There are still a few things left to be harvested sometime soon - sweet potatoes, sweet banana peppers (which keep on giving and giving!), and a few potatoes which re-sprouted after we thought we'd pulled and harvested them all about a month or so ago.

WLC Recipe: Fennel and Artichoke Gratin with Three-Herb White Bean Pesto

This recipe is courtesy of the awesome book Carb-Conscious Vegetarian, by Robin Robertson.

1 tbsp olive oil
1 leek, white part only, thinly sliced
1 yellow bell pepper, finely chopped
2 cloves garlic, finely chopped
1 large fennel bulb, thinly sliced
salt and freshly ground black pepper
1 package (9 oz) frozen artichoke hearts, cooked and sliced
3/4 cup cooked white beans
1 cup fresh basil leaves
1/4 cup chopped fresh flat-leaf parsley
1/4 cup chopped fresh tarragon or savory
1/2 cup vegetable stock
1 tomato, cut into thin slices
1/4 cup finely chopped pine nuts
Grated soy Parmesan Cheese (optional)*

Preheat the oven to 375 F

Heat the oil in a large skillet over medium heat.  Add the leek, bell pepper, garlic, fennel, and salt and pepper to taste.  Cover and cook until the vegetables are tender, stirring occasionally, about 5 minutes.

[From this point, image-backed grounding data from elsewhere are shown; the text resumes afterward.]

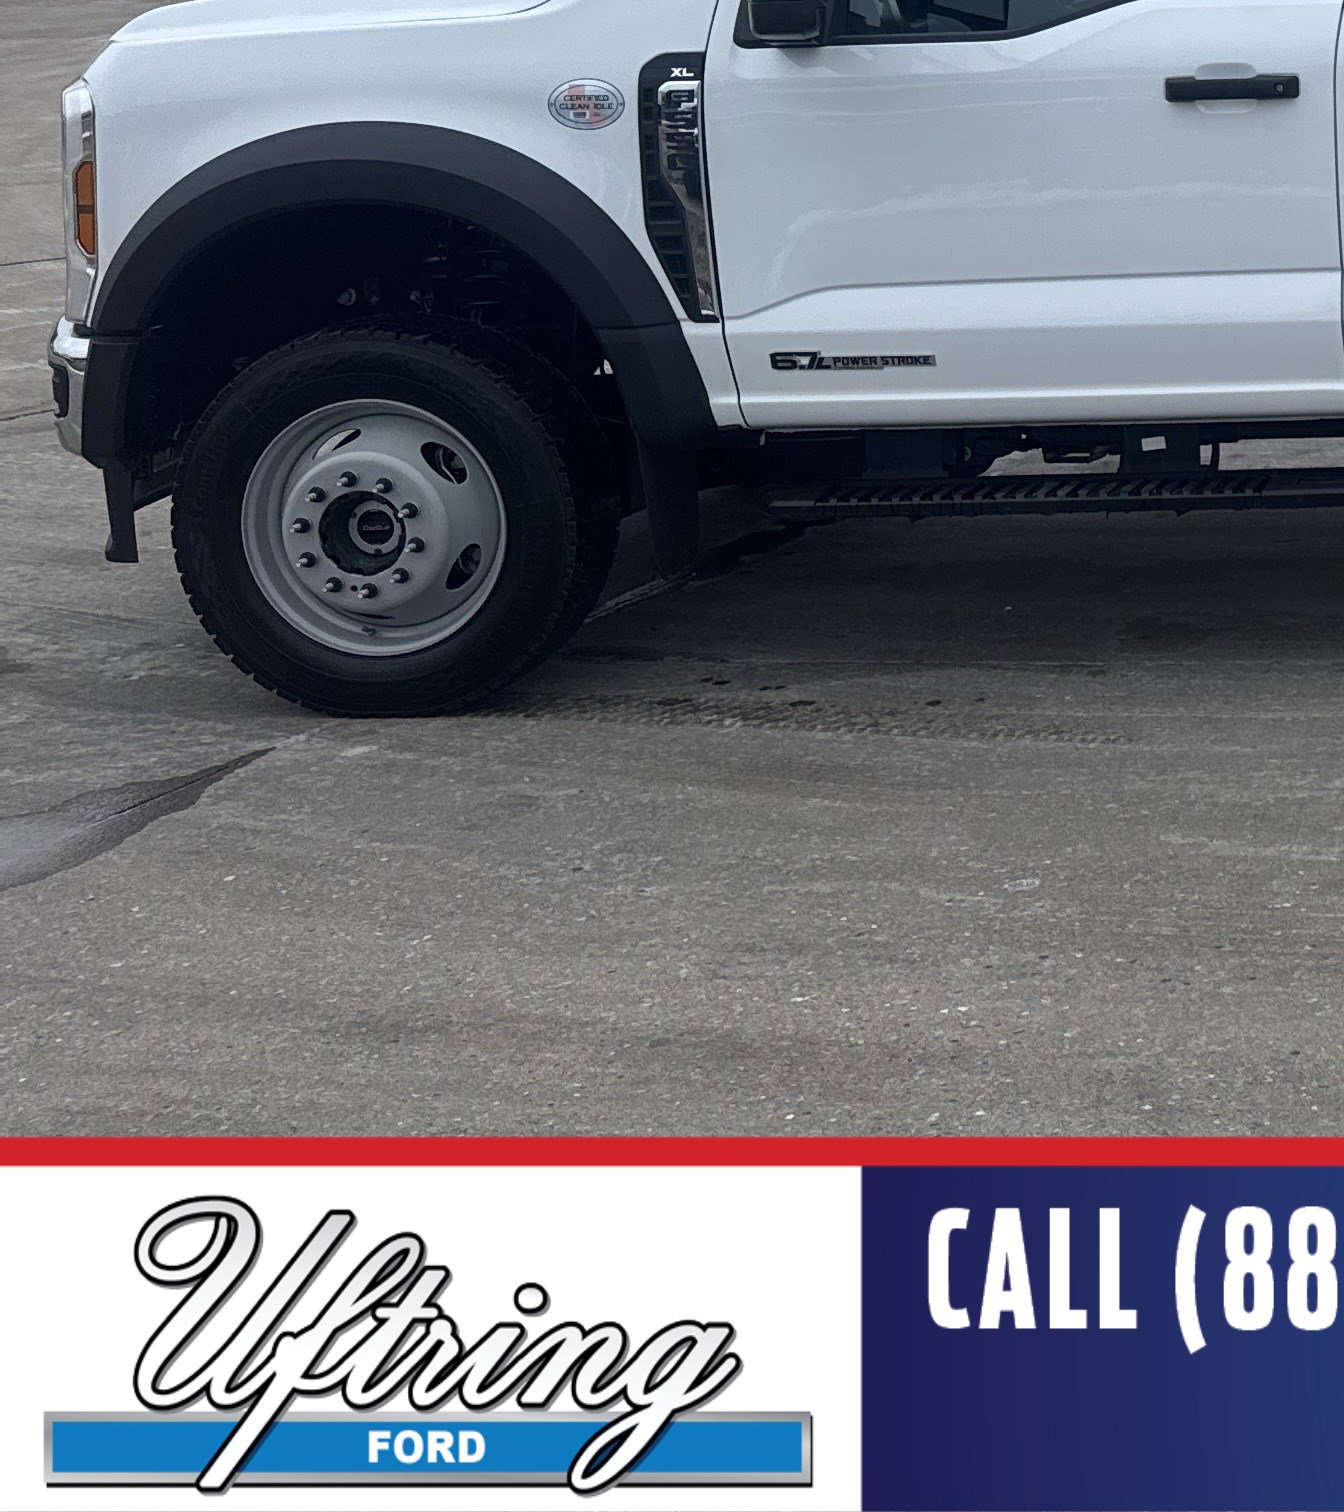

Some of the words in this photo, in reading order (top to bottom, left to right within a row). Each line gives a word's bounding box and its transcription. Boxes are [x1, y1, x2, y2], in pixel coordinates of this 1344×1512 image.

[670, 67, 695, 78] XL
[563, 94, 609, 102] CERTIFIED
[593, 102, 614, 110] IDLE
[833, 356, 878, 366] POWER
[880, 355, 931, 366] STROKE
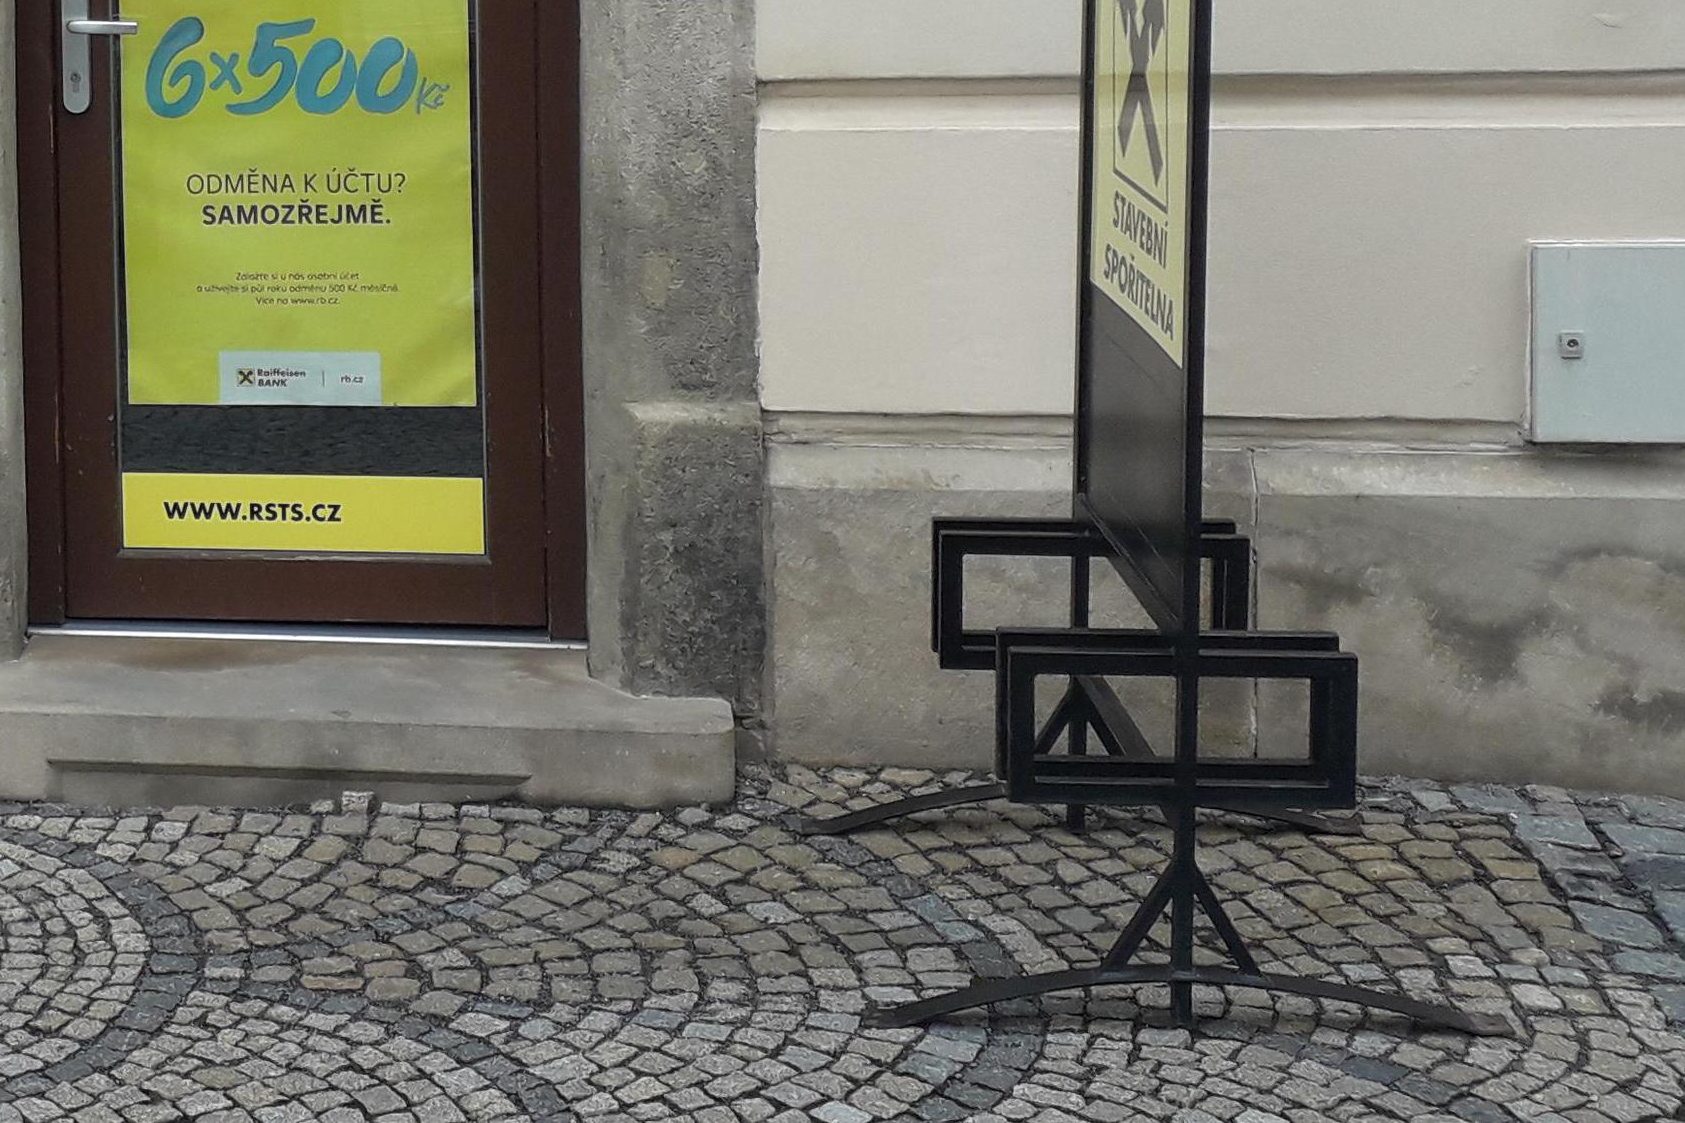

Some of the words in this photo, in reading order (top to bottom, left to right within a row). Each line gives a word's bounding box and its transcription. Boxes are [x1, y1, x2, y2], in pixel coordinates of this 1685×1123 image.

[186, 168, 295, 195] ODMĚNA
[304, 173, 319, 193] K
[326, 167, 406, 194] ÚČTU?
[202, 198, 391, 225] SAMOZŘEJMĚ.
[1112, 190, 1168, 269] STAVEBNÍ
[329, 283, 346, 292] 500
[1103, 243, 1174, 341] SPOŘITELNA
[257, 368, 306, 378] Raiffeisen
[258, 378, 288, 387] BANK
[340, 374, 364, 384] rb.cz
[163, 501, 343, 523] WWW.RSTS.CZ

Lightly oil a 2-quart gratin dish or coat it with cooking spray.  Spread half of the fennel mixture in the bottom of the prepared dish.  Top with half of the artichoke slices and season with salt and pepper.  Top with the remaining fennel mixture, the remaining artichoke slices, and salt and pepper to taste.

In a blender or food processor, blend the beans, basil, parsley, and tarragon or savory until finely chopped.  Add the stock and blend until smooth.  Pour over the gratin.  Arrange the tomato slices around the outer edge of the gratin.  Sprinkle the gratin with the pine nuts and season with salt and pepper to taste.

Bake until the vegetables are tender, the top is golden brown, and the liquid is absorbed, about 1 hour.  Serve directly from the gratin dish, sprinkled with Parmesan.*

Serves 4
Per serving:  136 calories, 4g fat, 6g protein, 23g carbs, 9g fiber, 0mg cholestoral, 290 mg sodium.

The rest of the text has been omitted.